▶ **Directions for this task**
The answer must repeat every record exactly, with all pictures omitted.

▶ **Given entries**
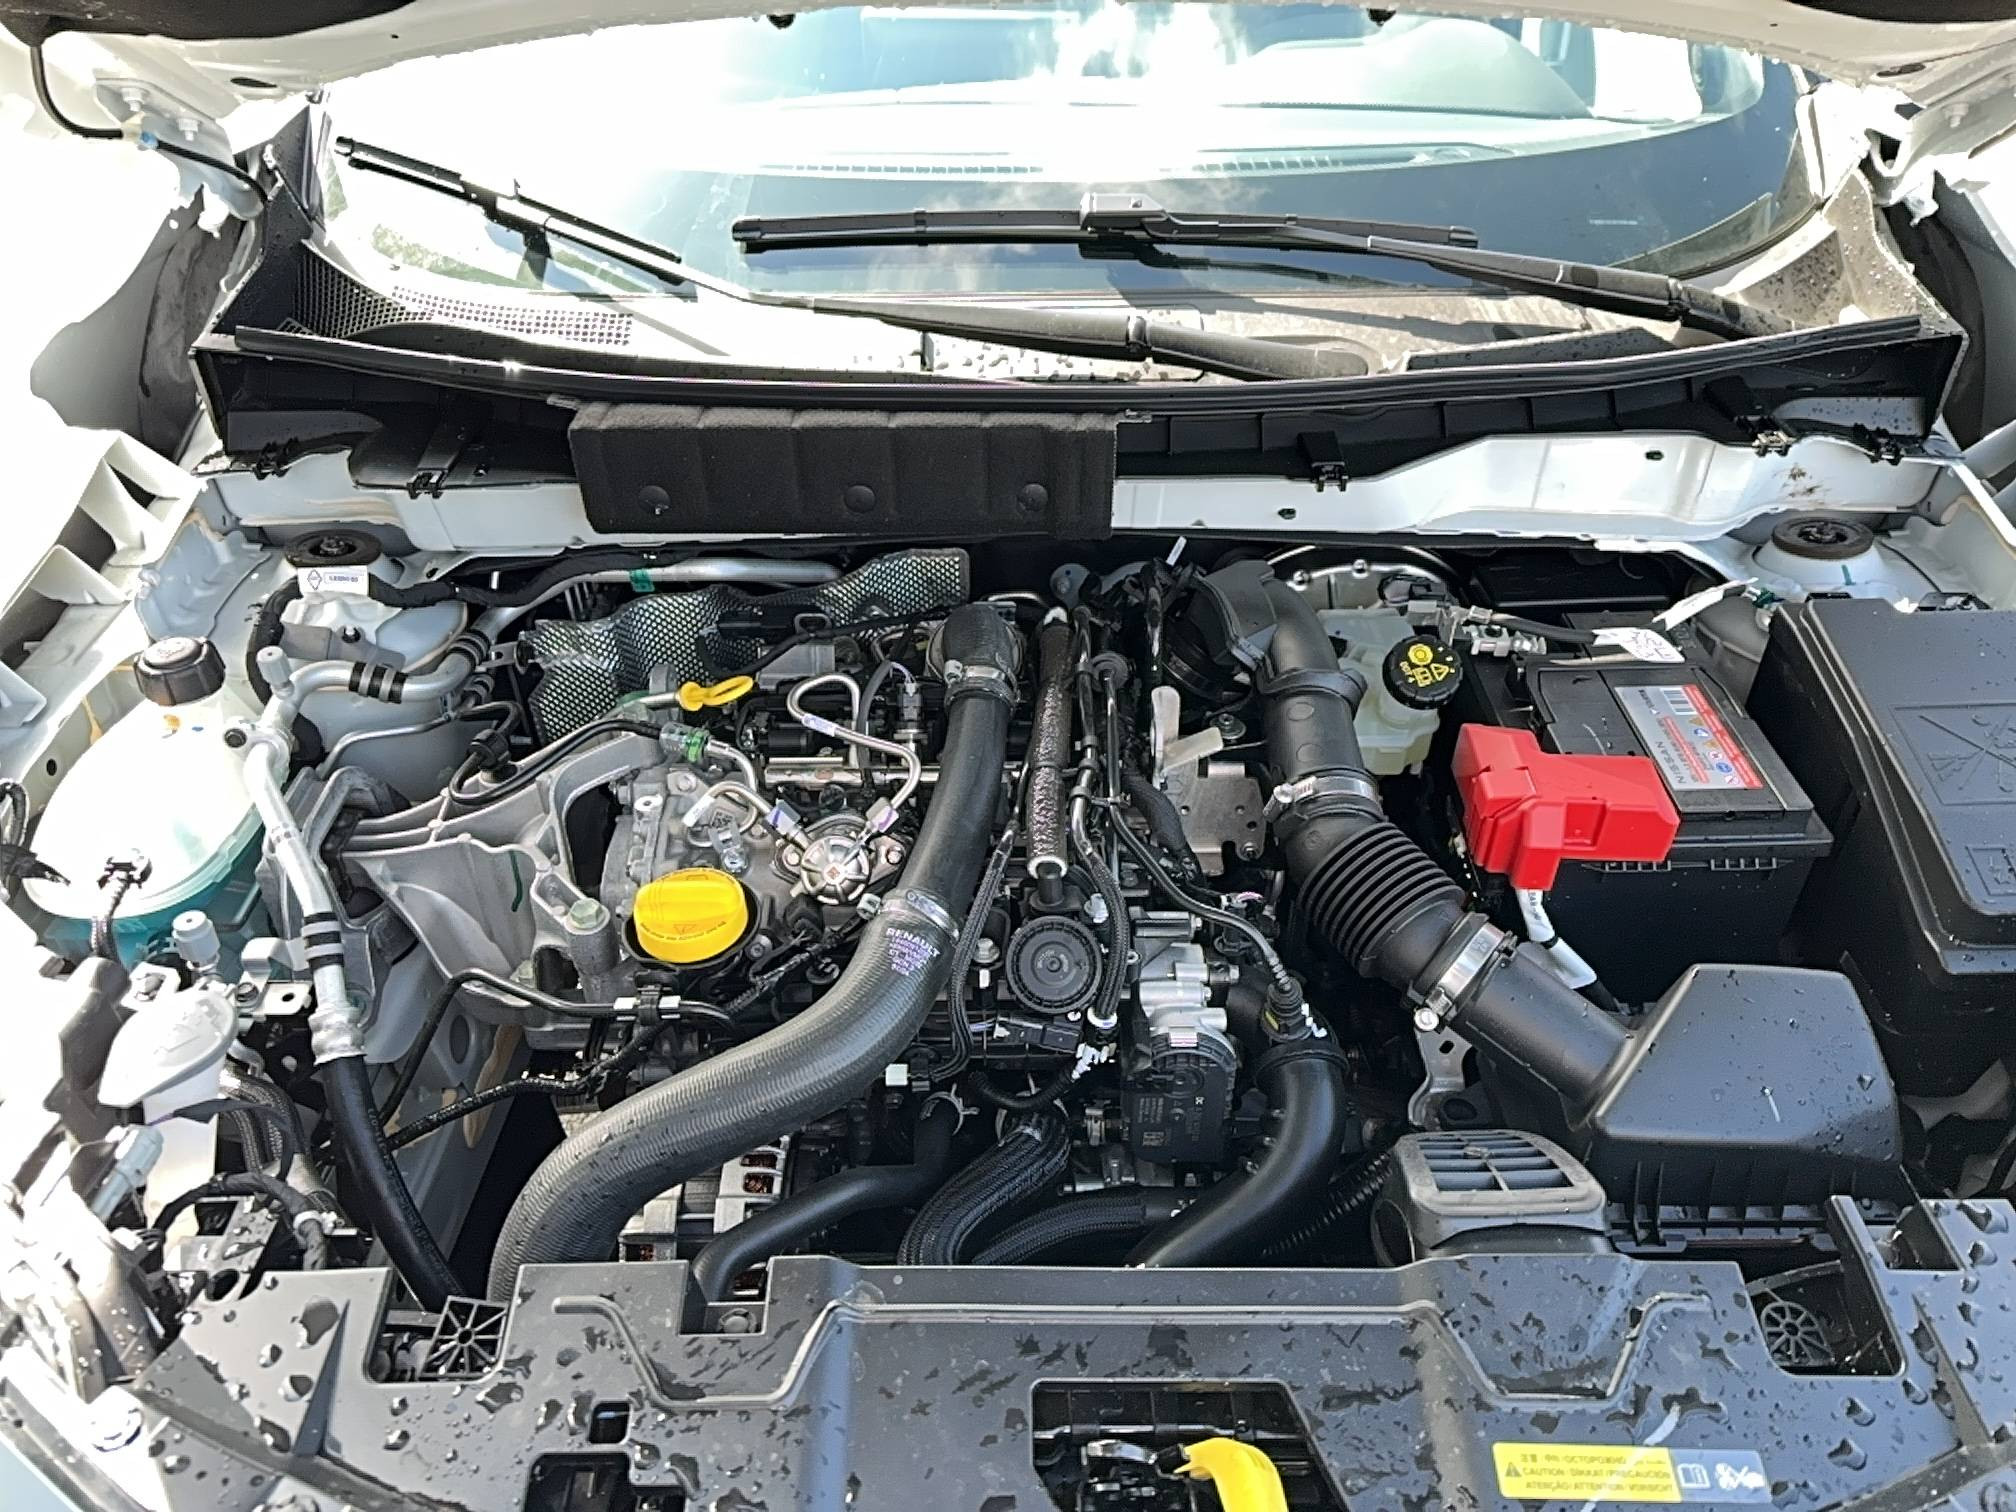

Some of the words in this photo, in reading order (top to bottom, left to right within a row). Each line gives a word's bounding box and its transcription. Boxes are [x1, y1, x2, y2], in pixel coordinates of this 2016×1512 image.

[1655, 741, 1687, 784] NISSAN
[885, 927, 941, 957] RENAULT
[1522, 1467, 1564, 1476] CAUTION
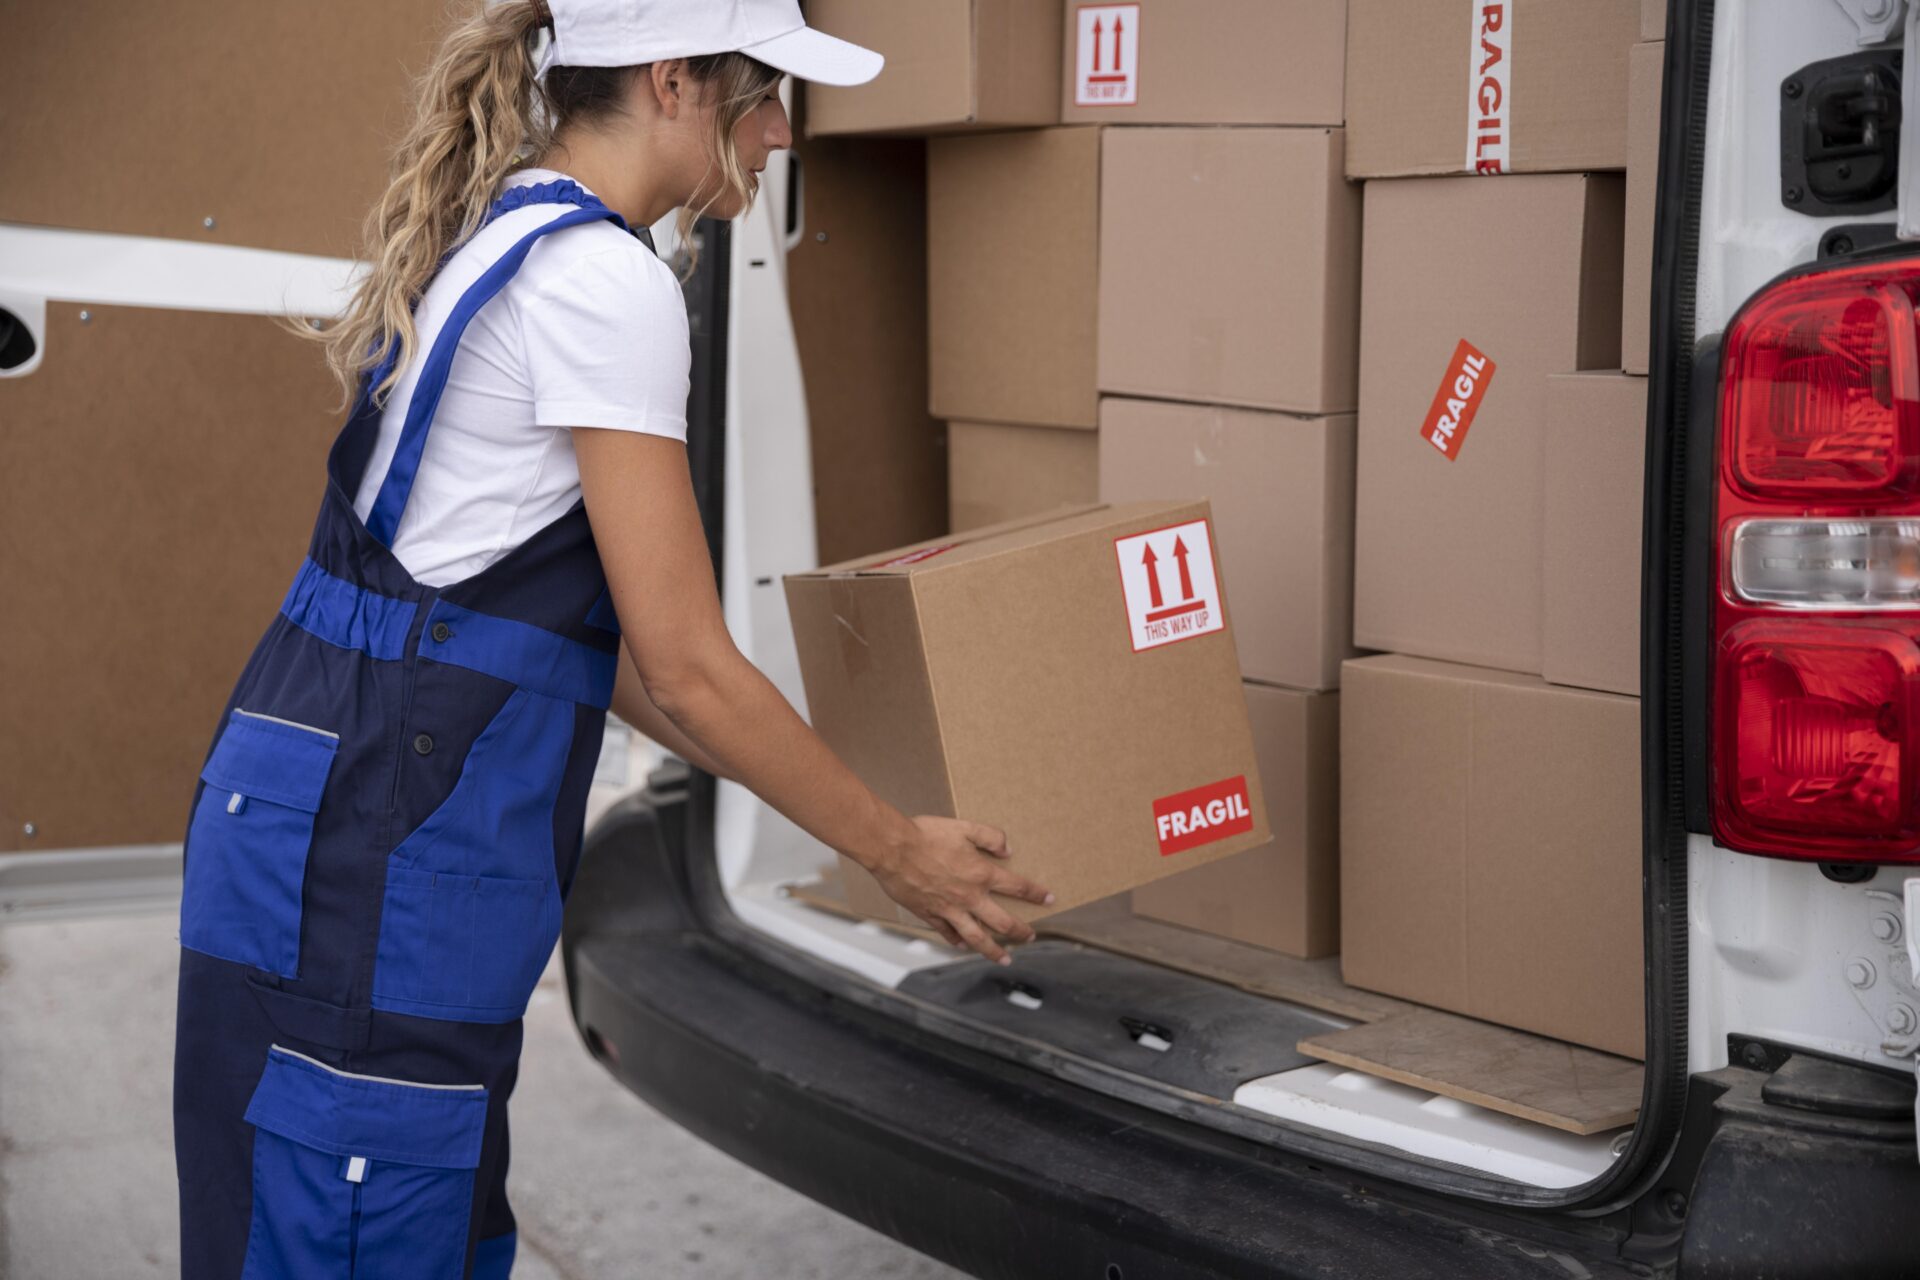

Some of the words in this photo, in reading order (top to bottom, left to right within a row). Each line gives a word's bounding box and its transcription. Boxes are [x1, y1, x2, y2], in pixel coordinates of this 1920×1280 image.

[1430, 353, 1486, 452] FRAGIL
[1144, 621, 1168, 641] THIS
[1170, 615, 1193, 634] WAY
[1194, 610, 1209, 629] UP
[1157, 793, 1249, 841] FRAGIL
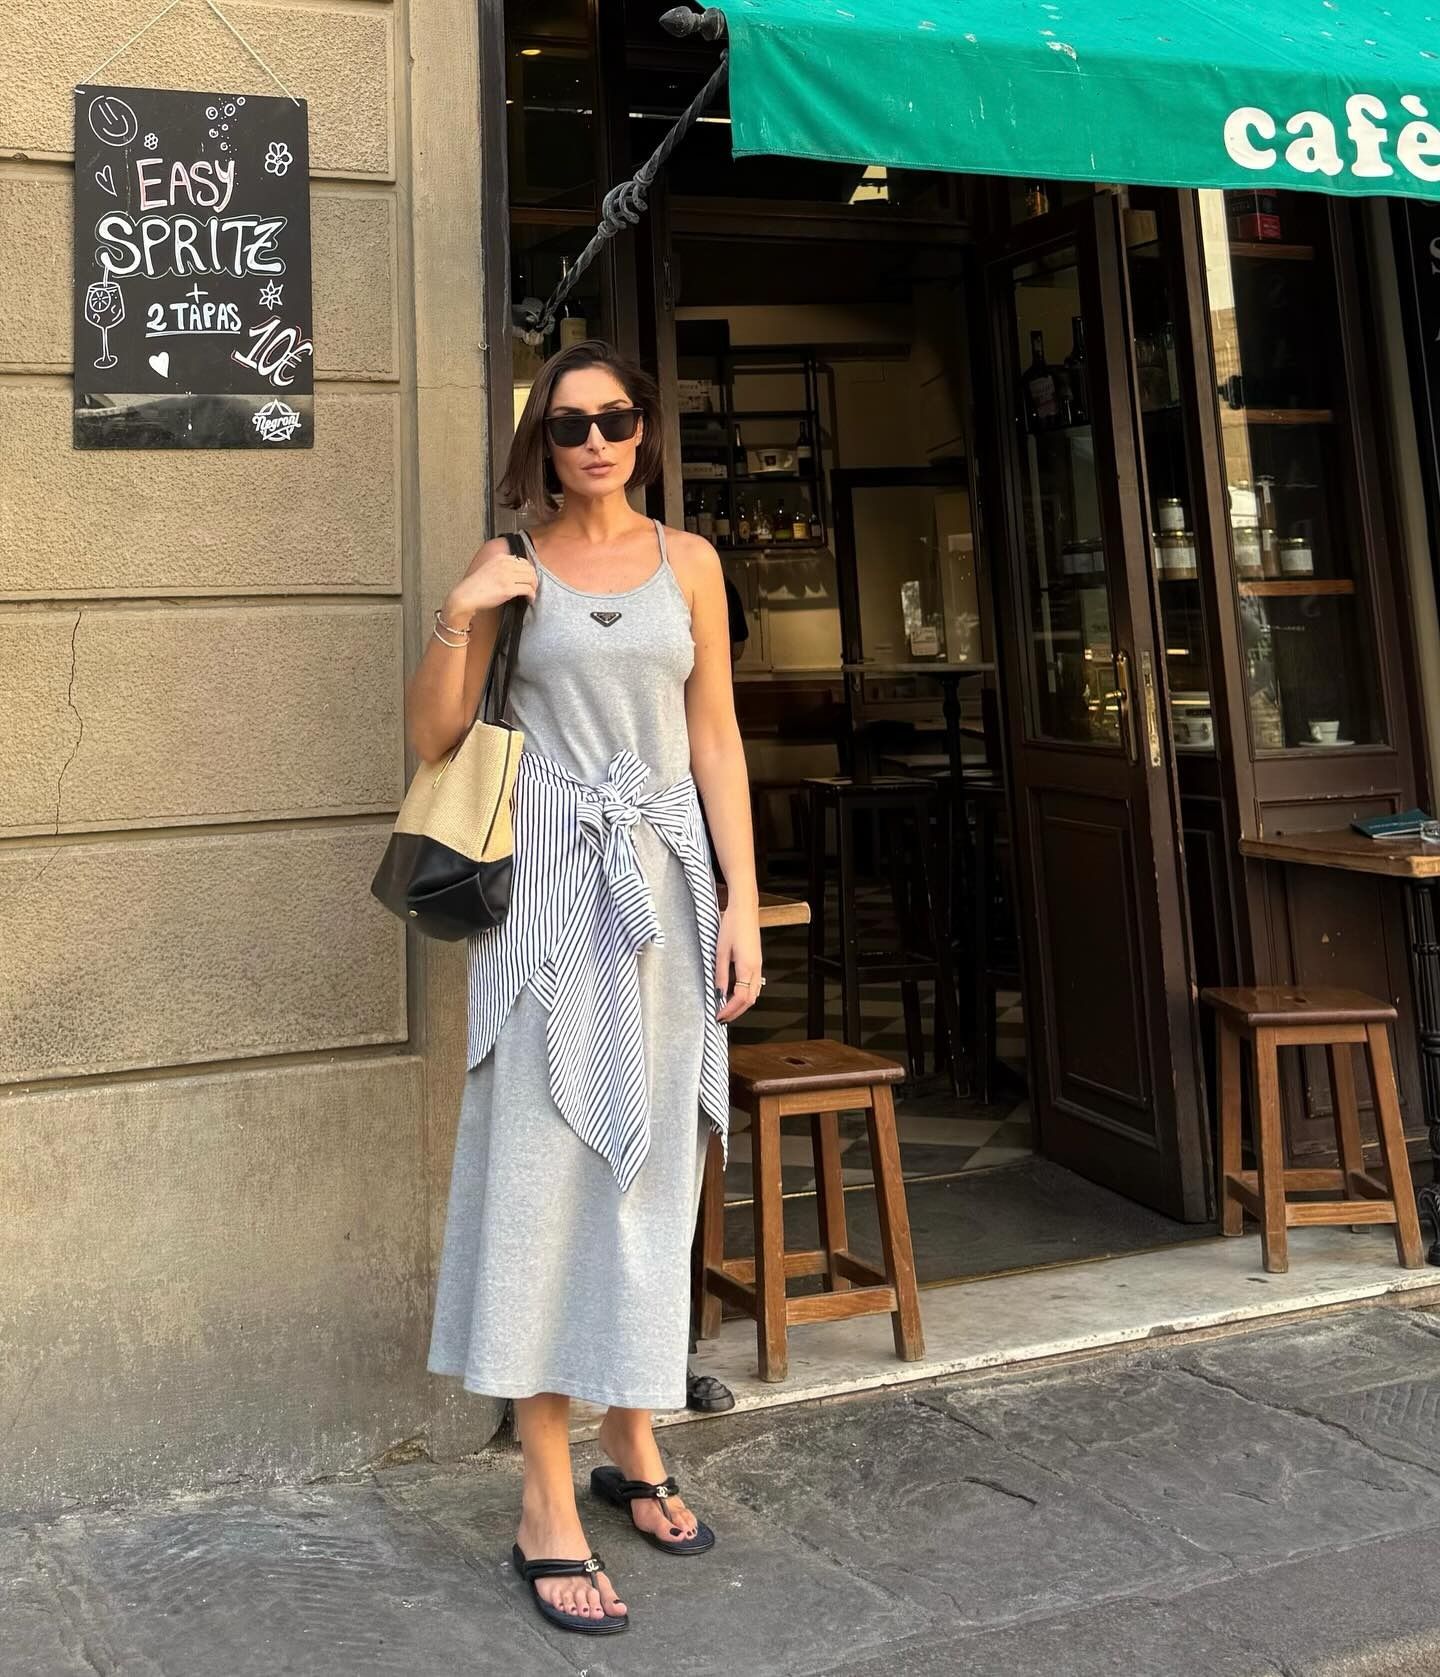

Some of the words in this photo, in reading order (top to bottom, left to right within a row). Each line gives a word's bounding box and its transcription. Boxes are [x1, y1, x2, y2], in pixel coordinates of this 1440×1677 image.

▶ **Solution for this exercise**
Some of the words in this photo, in reading order (top to bottom, left to right within a row). Each line gives a word's bounding box and its transcription. Boxes are [x1, y1, x2, y2], in pixel coordinates of this 2016×1512 image.

[1655, 741, 1687, 784] NISSAN
[885, 927, 941, 957] RENAULT
[1522, 1467, 1564, 1476] CAUTION

Some of the words in this photo, in reading order (top to bottom, left to right within a row). Each line gives a word's bounding box and its transcription. Boxes are [x1, y1, x2, y2], in pixel coordinates of this 1920×1280 image.

[1430, 353, 1486, 452] FRAGIL
[1144, 621, 1168, 641] THIS
[1170, 615, 1193, 634] WAY
[1194, 610, 1209, 629] UP
[1157, 793, 1249, 841] FRAGIL

Some of the words in this photo, in reading order (top to bottom, left to right within a row). Each line gives a word's bounding box and its transcription. Boxes are [x1, y1, x2, y2], in pixel coordinates of this 1440×1677 image.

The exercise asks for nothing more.